Bazawule encrypts other details and observations from his personal history into the novel. Bernadette, a Baton Rouge native, finds Accra’s humid climate strangely familiar, just as Bazawule did when he traveled to Louisiana.
And the misadventures of Kwesi Kwayson, a traveling musician who transports Melvin and Bernadette across Ghana, more or less stem from Bazawule’s own experiences. “The sweat, the frustration, the band members not getting along — it was a lot of first-hand knowledge,” the author said. “My drummer wasn’t that crazy. But it’s always the drummer.”

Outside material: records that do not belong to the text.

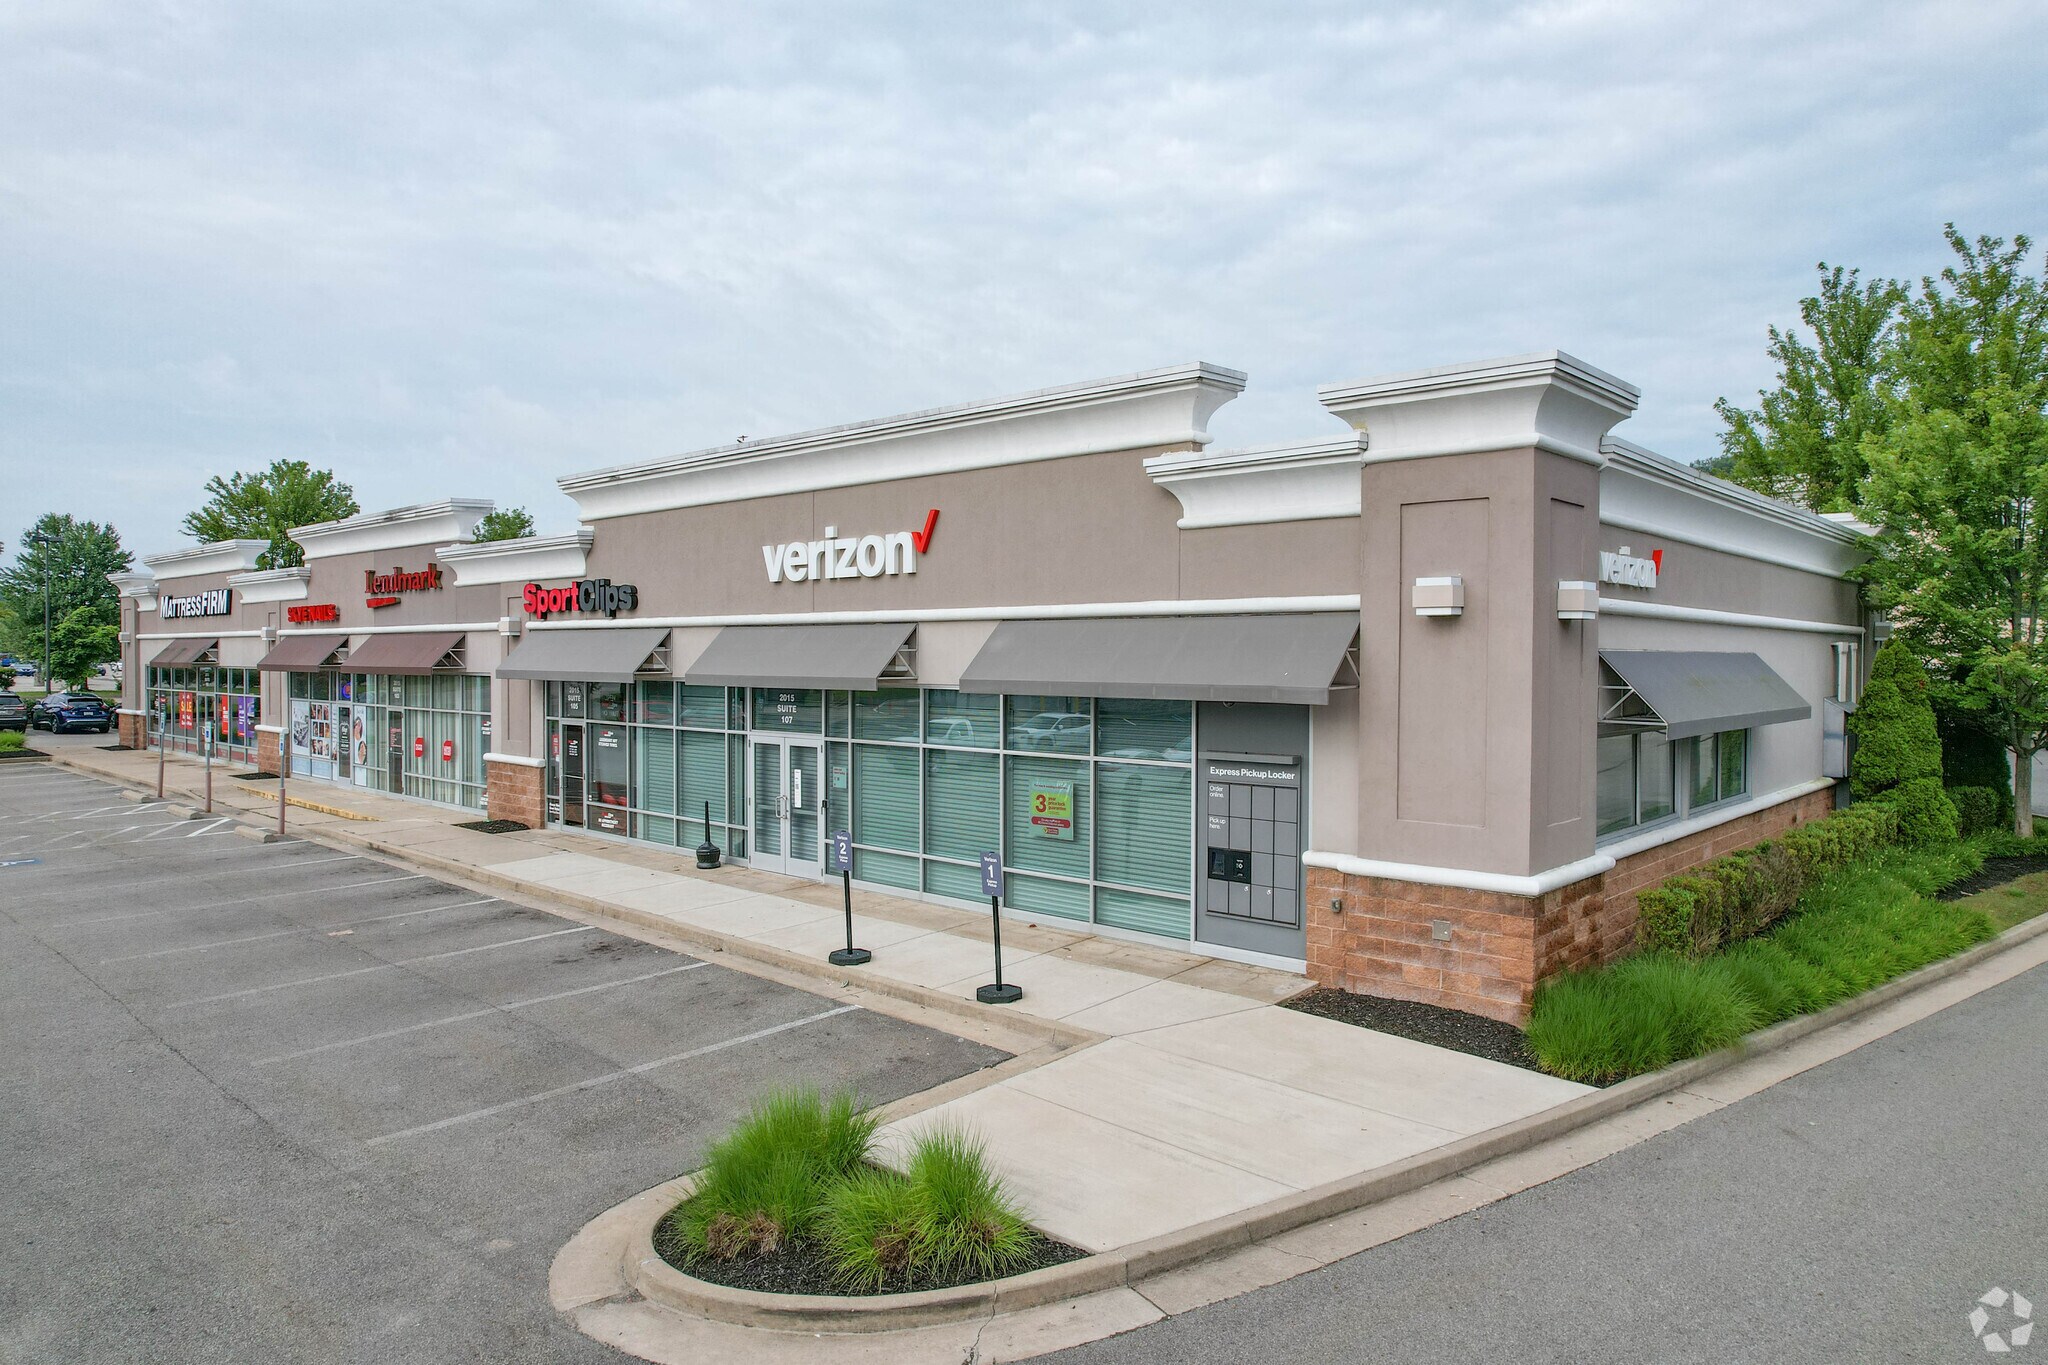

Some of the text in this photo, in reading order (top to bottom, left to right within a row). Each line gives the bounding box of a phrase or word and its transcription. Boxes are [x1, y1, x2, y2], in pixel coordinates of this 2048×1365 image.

[762, 526, 917, 582] verizon
[1599, 546, 1657, 588] verizon
[365, 563, 443, 594] Lendmark
[567, 694, 582, 702] SUITE
[779, 693, 795, 702] 2015
[180, 701, 193, 712] SLE
[777, 704, 797, 713] SUITE
[781, 715, 793, 724] 107
[1210, 767, 1295, 780] Express Pickup Locker
[1036, 794, 1046, 812] 3
[840, 842, 846, 854] 2
[988, 865, 994, 878] 1
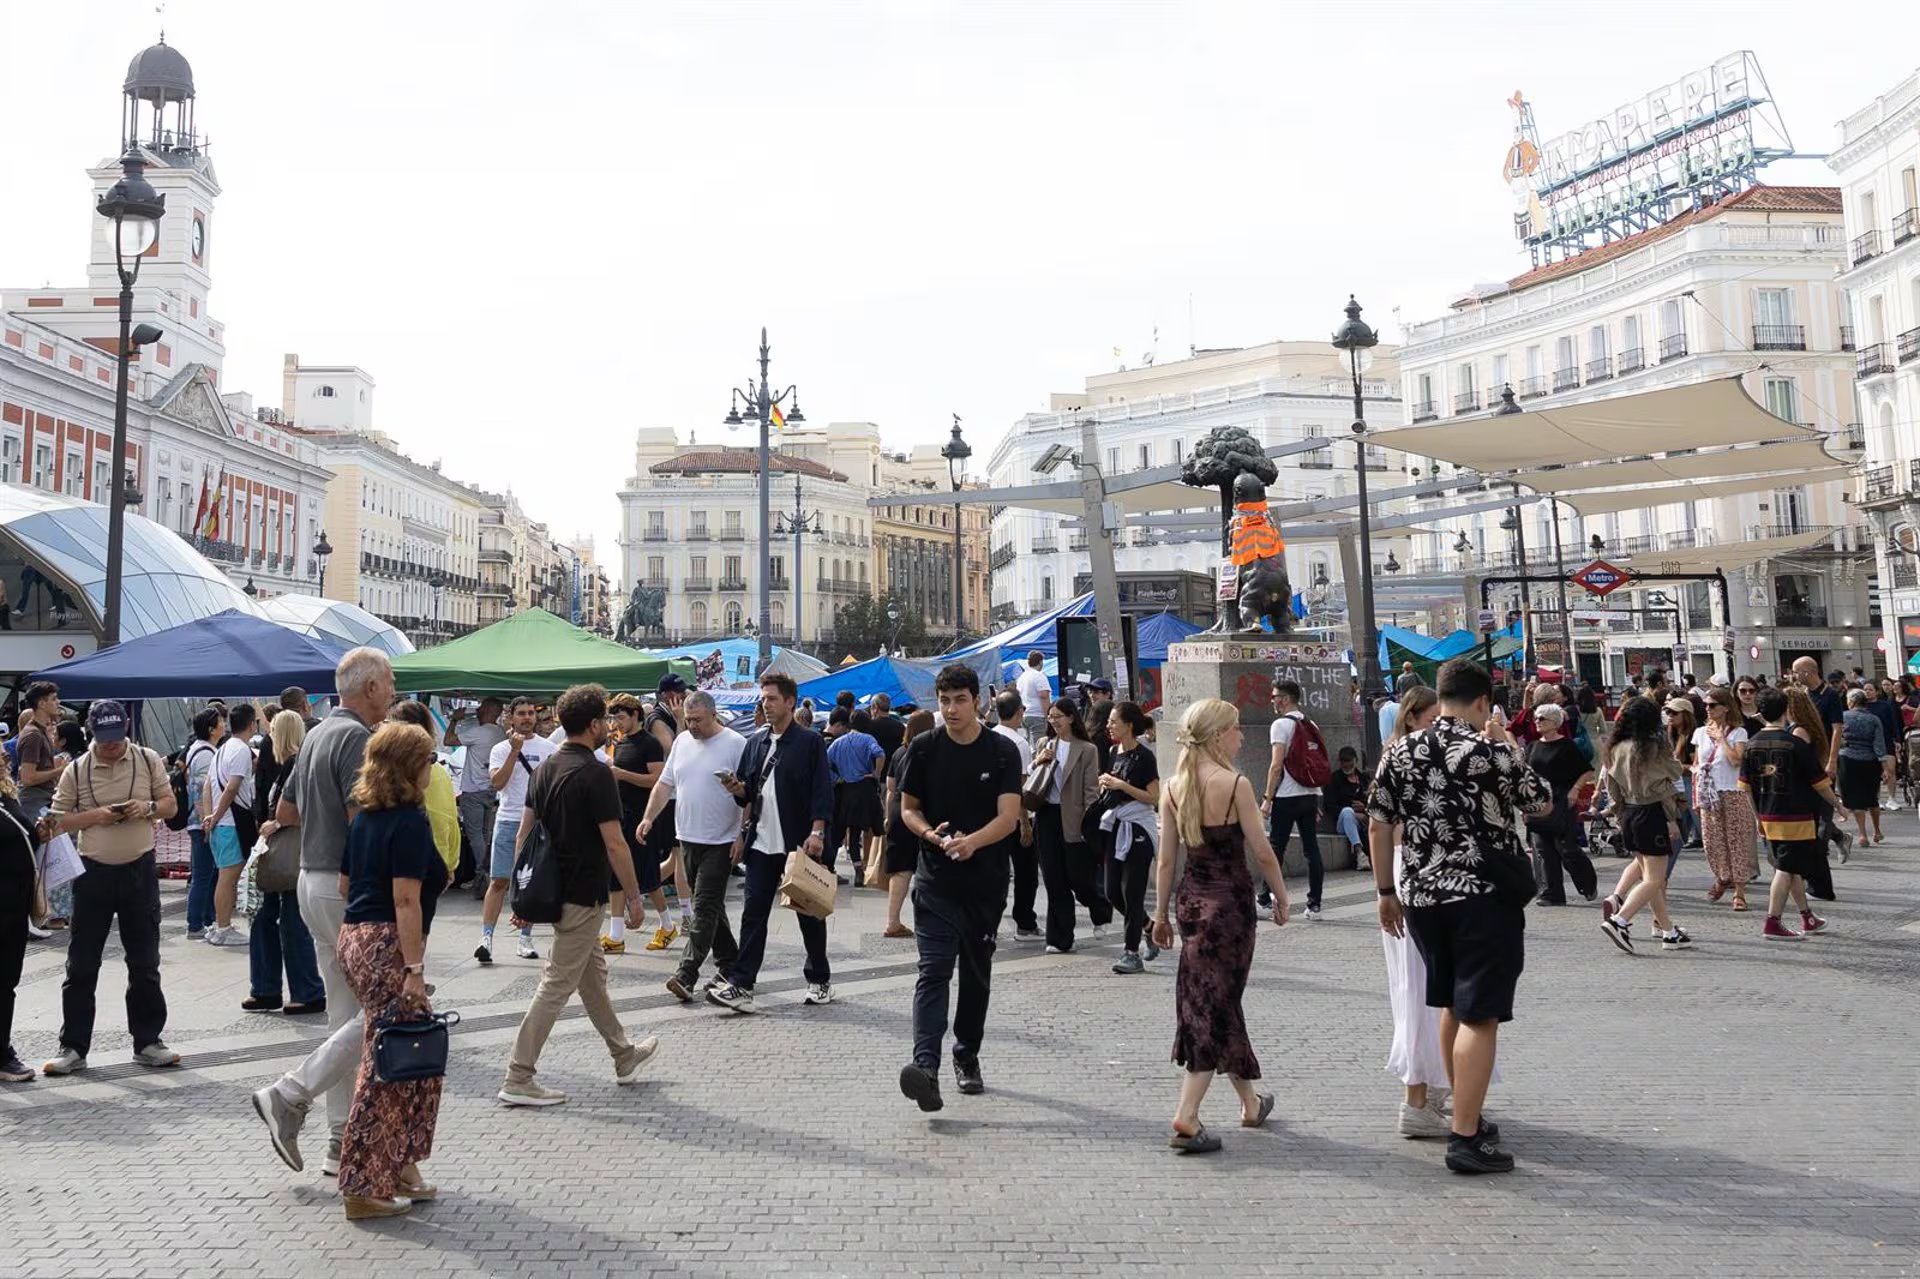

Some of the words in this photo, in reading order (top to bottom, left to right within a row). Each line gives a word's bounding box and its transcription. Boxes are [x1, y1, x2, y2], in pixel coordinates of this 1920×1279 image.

[1588, 574, 1613, 582] Metro
[1596, 601, 1609, 609] Sol
[1781, 640, 1829, 649] SEPHORA
[1305, 665, 1345, 686] THE
[1298, 687, 1329, 709] ICH

Chelcee Johns, a senior editor at Ballantine who bought “The Scent of Burnt Flowers,” said she responded to it as both a historical novel and a human story. “History is so important and so necessary,” Johns said. “The evidence of what happened in America and in Ghana during that time is still with us. But you come here for the story of a couple trying to find themselves when America is no longer safe from them.”
“The Scent of Burnt Flowers” has been acquired by FX, which is developing the novel as a miniseries, and Bazawule will get even more attention when “The Color Purple” comes out next year. But Johns said she was fundamentally interested in him as a writer who cares about his craft.
“Blitz is in a good place in his career and has invested a lot in the book, and that was paramount to us,” she said. “This isn’t a one-off project – this is a great first novel and more to come.”
The room in his house where Bazawule sat was once decorated with notes, photographs and visual references that he used while writing “The Scent of Burnt Flowers.” Now there were just a few scraps of paper taped to the walls, with simple motivational slogans: “One step at a time.” “Rest is resistance.”
As Bazawule explained, the way he handles the many demands of his flourishing career is not to see them as competing with each other. “I’m doing my best not to tear them apart,” he said. “I see it all as extensions of the same thing. And when I do that, I don’t compartmentalize, I don’t get overwhelmed.”
“When I’m working, I work a lot,” Bazawule added. “And if I don’t do the most, I do the least. That is it. I don’t drink, I don’t do much. I am staying at home. I am sleeping. A lot.”